Segment Start: Information
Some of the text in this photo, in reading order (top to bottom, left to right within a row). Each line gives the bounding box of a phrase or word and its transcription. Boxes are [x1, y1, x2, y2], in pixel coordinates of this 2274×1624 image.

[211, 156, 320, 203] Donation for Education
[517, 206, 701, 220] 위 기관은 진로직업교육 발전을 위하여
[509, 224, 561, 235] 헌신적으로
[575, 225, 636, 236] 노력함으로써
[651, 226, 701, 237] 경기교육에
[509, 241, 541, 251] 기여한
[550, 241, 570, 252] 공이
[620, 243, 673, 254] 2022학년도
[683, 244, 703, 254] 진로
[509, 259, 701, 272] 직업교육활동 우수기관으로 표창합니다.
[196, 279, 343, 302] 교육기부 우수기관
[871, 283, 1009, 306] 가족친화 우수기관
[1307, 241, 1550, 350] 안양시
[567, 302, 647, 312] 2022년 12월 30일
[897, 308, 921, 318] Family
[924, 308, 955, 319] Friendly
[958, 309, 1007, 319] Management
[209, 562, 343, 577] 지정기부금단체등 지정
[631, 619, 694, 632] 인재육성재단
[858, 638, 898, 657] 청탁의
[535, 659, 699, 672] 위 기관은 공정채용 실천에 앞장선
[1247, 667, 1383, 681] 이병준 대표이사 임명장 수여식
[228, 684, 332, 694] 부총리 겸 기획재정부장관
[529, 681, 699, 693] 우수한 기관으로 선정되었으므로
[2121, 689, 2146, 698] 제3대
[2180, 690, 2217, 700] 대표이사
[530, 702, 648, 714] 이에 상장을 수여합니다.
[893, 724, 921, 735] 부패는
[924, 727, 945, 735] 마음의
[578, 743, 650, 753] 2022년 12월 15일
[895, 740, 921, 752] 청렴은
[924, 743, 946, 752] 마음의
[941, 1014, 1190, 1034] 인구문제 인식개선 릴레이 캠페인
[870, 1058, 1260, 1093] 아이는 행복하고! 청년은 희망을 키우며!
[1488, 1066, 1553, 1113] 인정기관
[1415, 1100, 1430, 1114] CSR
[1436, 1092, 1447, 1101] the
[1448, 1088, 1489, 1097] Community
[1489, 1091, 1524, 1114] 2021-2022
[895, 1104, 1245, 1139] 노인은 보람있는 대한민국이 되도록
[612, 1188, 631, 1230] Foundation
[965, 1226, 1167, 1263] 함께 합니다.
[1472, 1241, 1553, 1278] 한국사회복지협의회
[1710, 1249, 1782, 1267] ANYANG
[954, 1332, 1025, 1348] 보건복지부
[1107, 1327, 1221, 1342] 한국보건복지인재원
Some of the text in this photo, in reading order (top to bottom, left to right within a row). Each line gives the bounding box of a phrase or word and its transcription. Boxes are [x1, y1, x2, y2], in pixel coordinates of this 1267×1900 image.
Segment End: Information
[About this task]
Transcribe the records in full, keeping every character as it is.

[Written solution]
Some of the text in this photo, in reading order (top to bottom, left to right within a row). Each line gives the bounding box of a phrase or word and its transcription. Boxes are [x1, y1, x2, y2], in pixel coordinates of this 2274×1624 image.

[211, 156, 320, 203] Donation for Education
[517, 206, 701, 220] 위 기관은 진로직업교육 발전을 위하여
[509, 224, 561, 235] 헌신적으로
[575, 225, 636, 236] 노력함으로써
[651, 226, 701, 237] 경기교육에
[509, 241, 541, 251] 기여한
[550, 241, 570, 252] 공이
[620, 243, 673, 254] 2022학년도
[683, 244, 703, 254] 진로
[509, 259, 701, 272] 직업교육활동 우수기관으로 표창합니다.
[196, 279, 343, 302] 교육기부 우수기관
[871, 283, 1009, 306] 가족친화 우수기관
[1307, 241, 1550, 350] 안양시
[567, 302, 647, 312] 2022년 12월 30일
[897, 308, 921, 318] Family
[924, 308, 955, 319] Friendly
[958, 309, 1007, 319] Management
[209, 562, 343, 577] 지정기부금단체등 지정
[631, 619, 694, 632] 인재육성재단
[858, 638, 898, 657] 청탁의
[535, 659, 699, 672] 위 기관은 공정채용 실천에 앞장선
[1247, 667, 1383, 681] 이병준 대표이사 임명장 수여식
[228, 684, 332, 694] 부총리 겸 기획재정부장관
[529, 681, 699, 693] 우수한 기관으로 선정되었으므로
[2121, 689, 2146, 698] 제3대
[2180, 690, 2217, 700] 대표이사
[530, 702, 648, 714] 이에 상장을 수여합니다.
[893, 724, 921, 735] 부패는
[924, 727, 945, 735] 마음의
[578, 743, 650, 753] 2022년 12월 15일
[895, 740, 921, 752] 청렴은
[924, 743, 946, 752] 마음의
[941, 1014, 1190, 1034] 인구문제 인식개선 릴레이 캠페인
[870, 1058, 1260, 1093] 아이는 행복하고! 청년은 희망을 키우며!
[1488, 1066, 1553, 1113] 인정기관
[1415, 1100, 1430, 1114] CSR
[1436, 1092, 1447, 1101] the
[1448, 1088, 1489, 1097] Community
[1489, 1091, 1524, 1114] 2021-2022
[895, 1104, 1245, 1139] 노인은 보람있는 대한민국이 되도록
[612, 1188, 631, 1230] Foundation
[965, 1226, 1167, 1263] 함께 합니다.
[1472, 1241, 1553, 1278] 한국사회복지협의회
[1710, 1249, 1782, 1267] ANYANG
[954, 1332, 1025, 1348] 보건복지부
[1107, 1327, 1221, 1342] 한국보건복지인재원
Some of the text in this photo, in reading order (top to bottom, left to right within a row). Each line gives the bounding box of a phrase or word and its transcription. Boxes are [x1, y1, x2, y2], in pixel coordinates of this 1267×1900 image.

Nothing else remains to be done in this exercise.